The task
Copy the entries below verbatim, omitting any pictures they contain.

Data items
◆ ◆ ◆ ◆

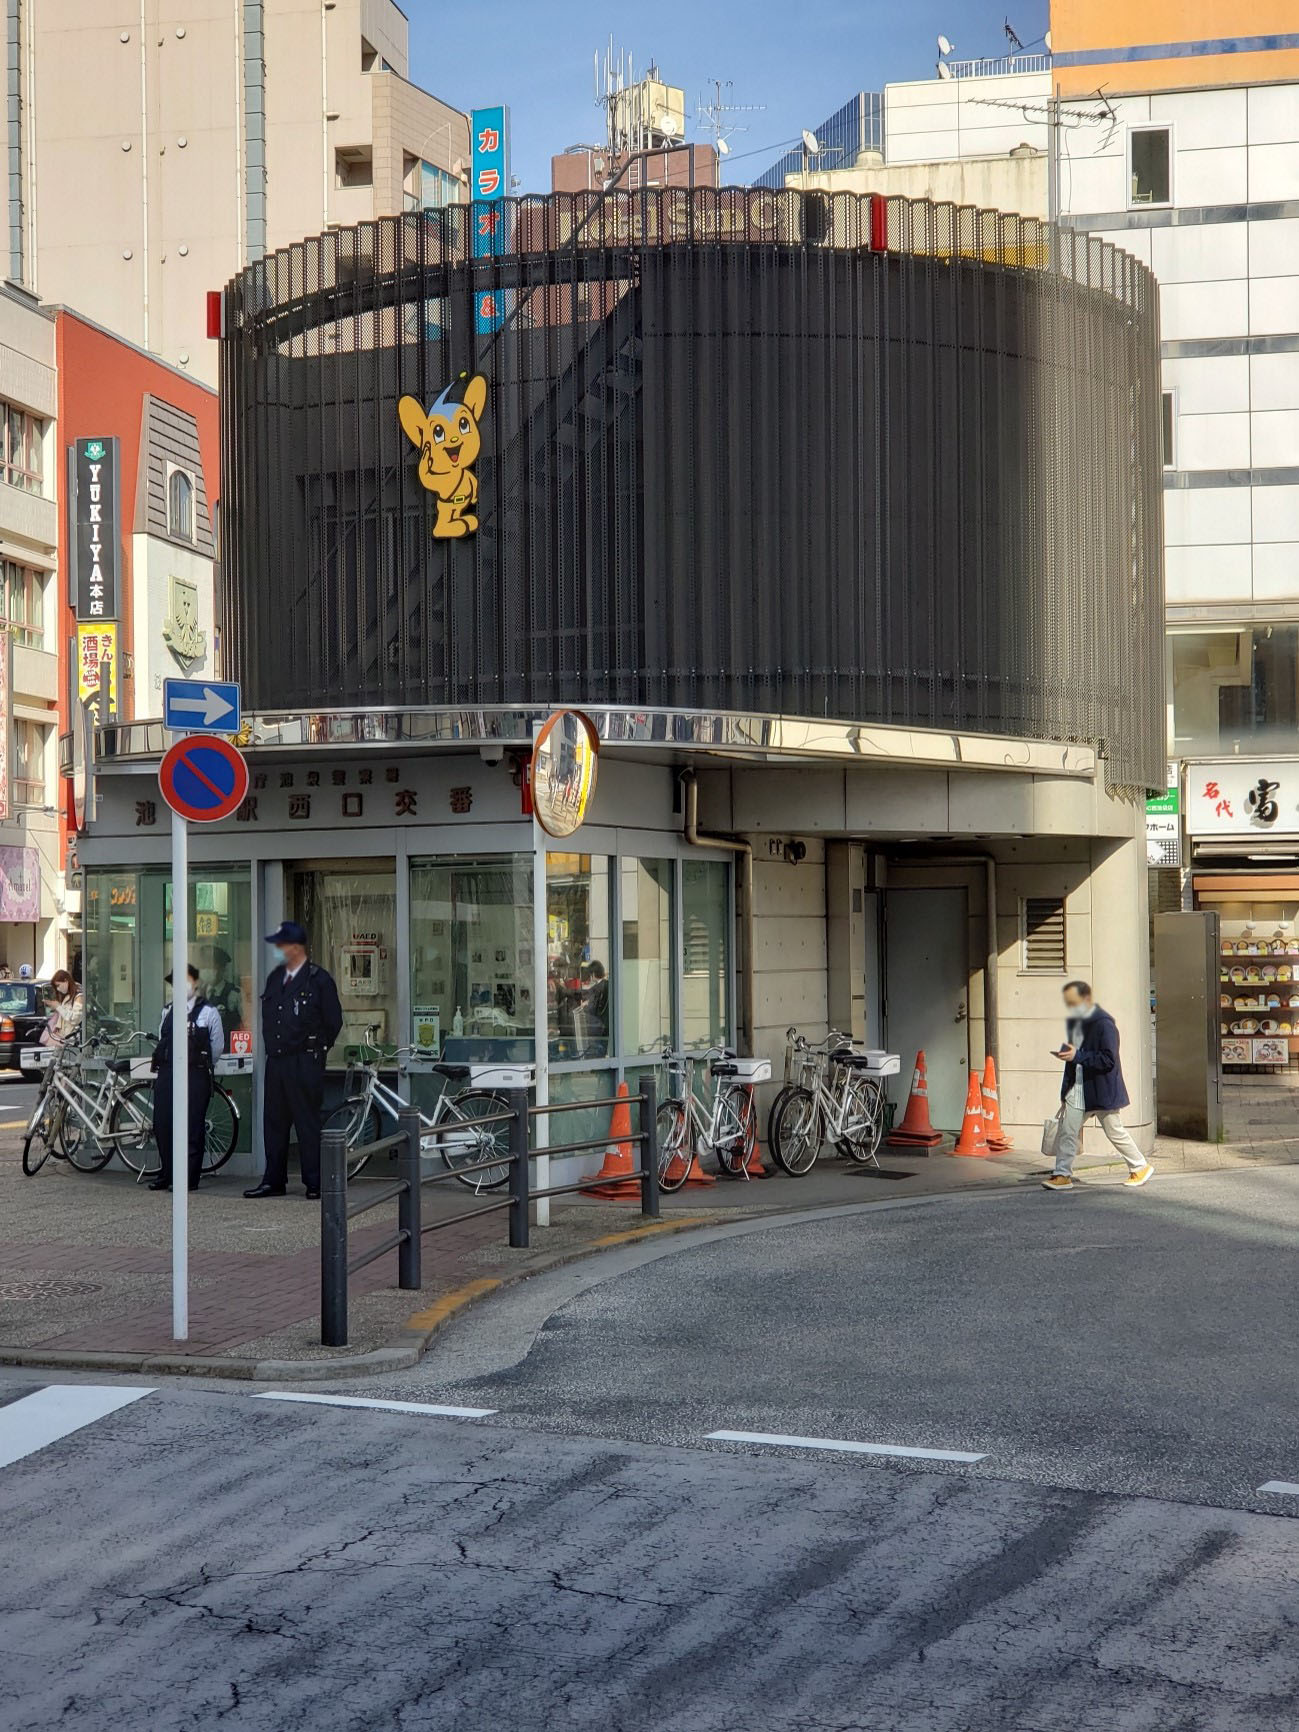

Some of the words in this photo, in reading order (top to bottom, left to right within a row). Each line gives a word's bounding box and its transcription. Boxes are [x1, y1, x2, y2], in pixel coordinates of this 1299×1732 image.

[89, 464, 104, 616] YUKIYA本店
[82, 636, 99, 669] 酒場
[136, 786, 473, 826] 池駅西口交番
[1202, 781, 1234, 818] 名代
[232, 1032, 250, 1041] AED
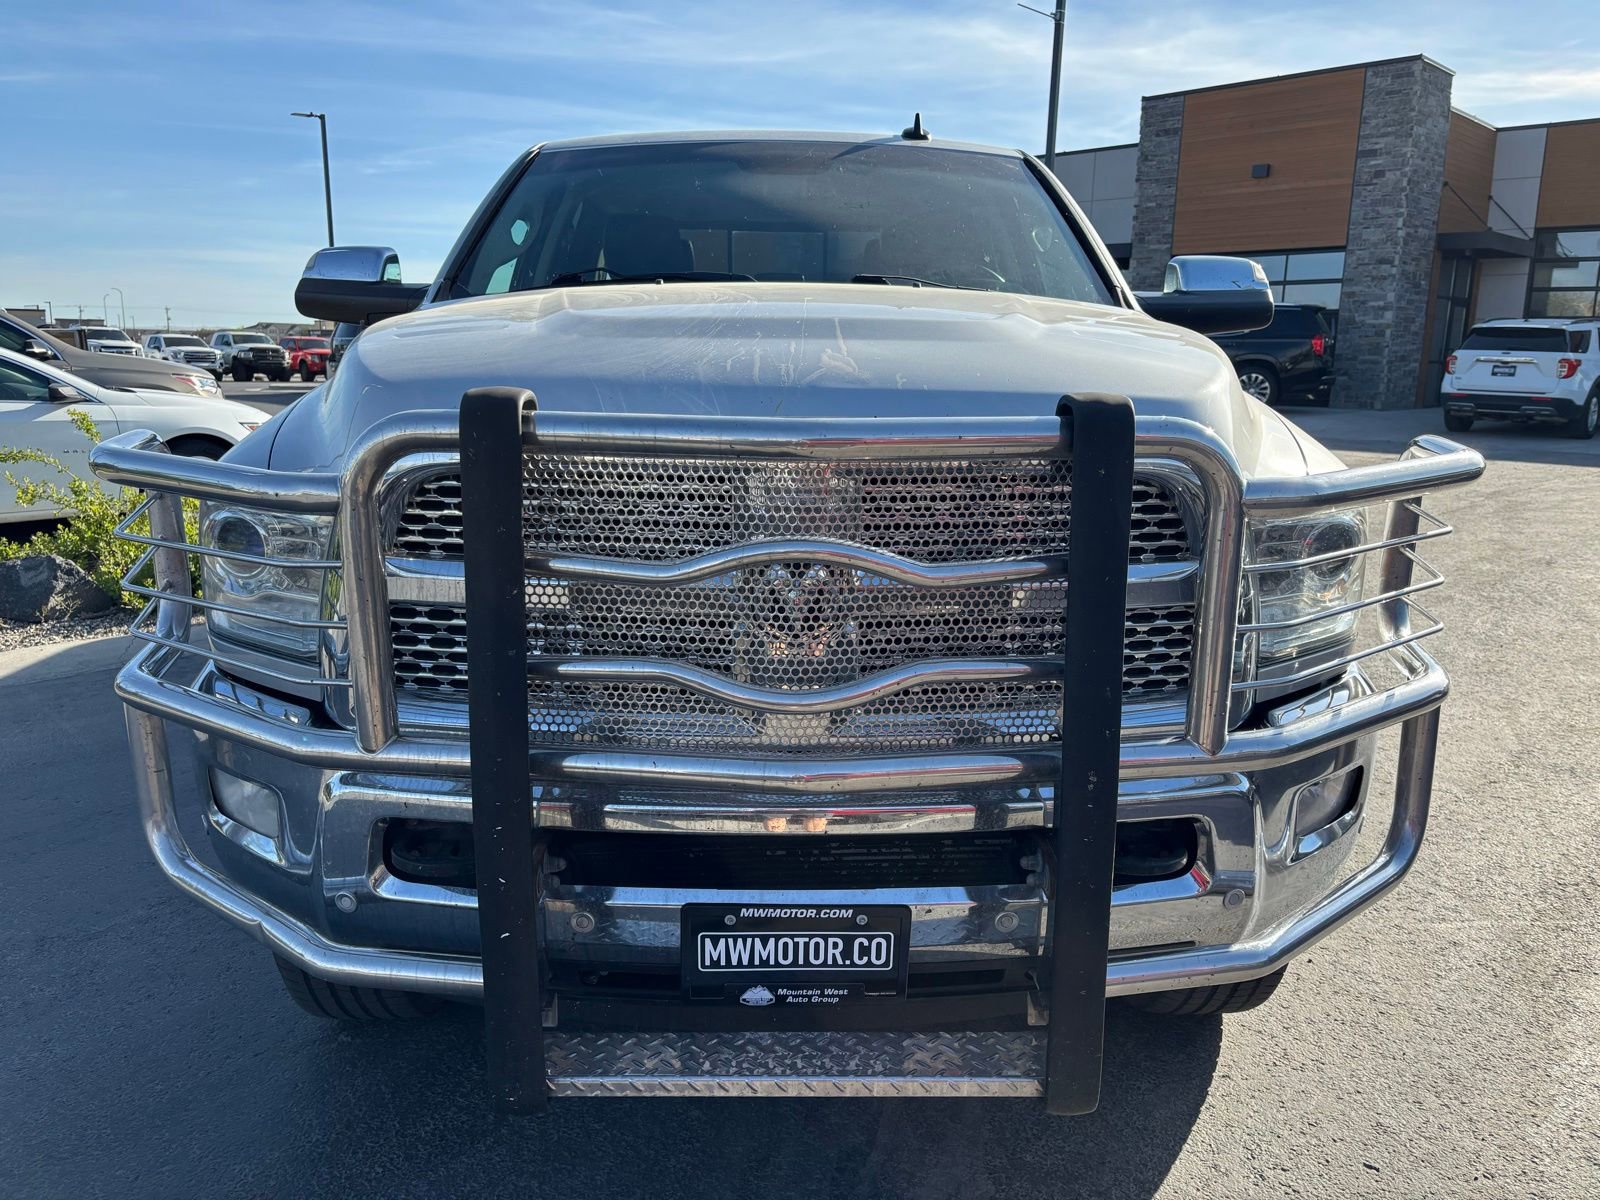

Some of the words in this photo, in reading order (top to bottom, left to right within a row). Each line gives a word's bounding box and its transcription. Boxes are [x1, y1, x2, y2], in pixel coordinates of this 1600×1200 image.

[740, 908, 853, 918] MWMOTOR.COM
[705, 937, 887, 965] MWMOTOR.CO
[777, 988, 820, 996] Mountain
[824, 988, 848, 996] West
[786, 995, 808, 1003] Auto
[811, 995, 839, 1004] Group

◆ ◆ ◆ ◆

Exercise answer
Some of the words in this photo, in reading order (top to bottom, left to right within a row). Each line gives a word's bounding box and its transcription. Boxes are [x1, y1, x2, y2], in pixel coordinates of this 1299×1732 image.

[89, 464, 104, 616] YUKIYA本店
[82, 636, 99, 669] 酒場
[136, 786, 473, 826] 池駅西口交番
[1202, 781, 1234, 818] 名代
[232, 1032, 250, 1041] AED

Some of the words in this photo, in reading order (top to bottom, left to right within a row). Each line gives a word's bounding box and its transcription. Boxes are [x1, y1, x2, y2], in pixel coordinates of this 1600×1200 image.

[740, 908, 853, 918] MWMOTOR.COM
[705, 937, 887, 965] MWMOTOR.CO
[777, 988, 820, 996] Mountain
[824, 988, 848, 996] West
[786, 995, 808, 1003] Auto
[811, 995, 839, 1004] Group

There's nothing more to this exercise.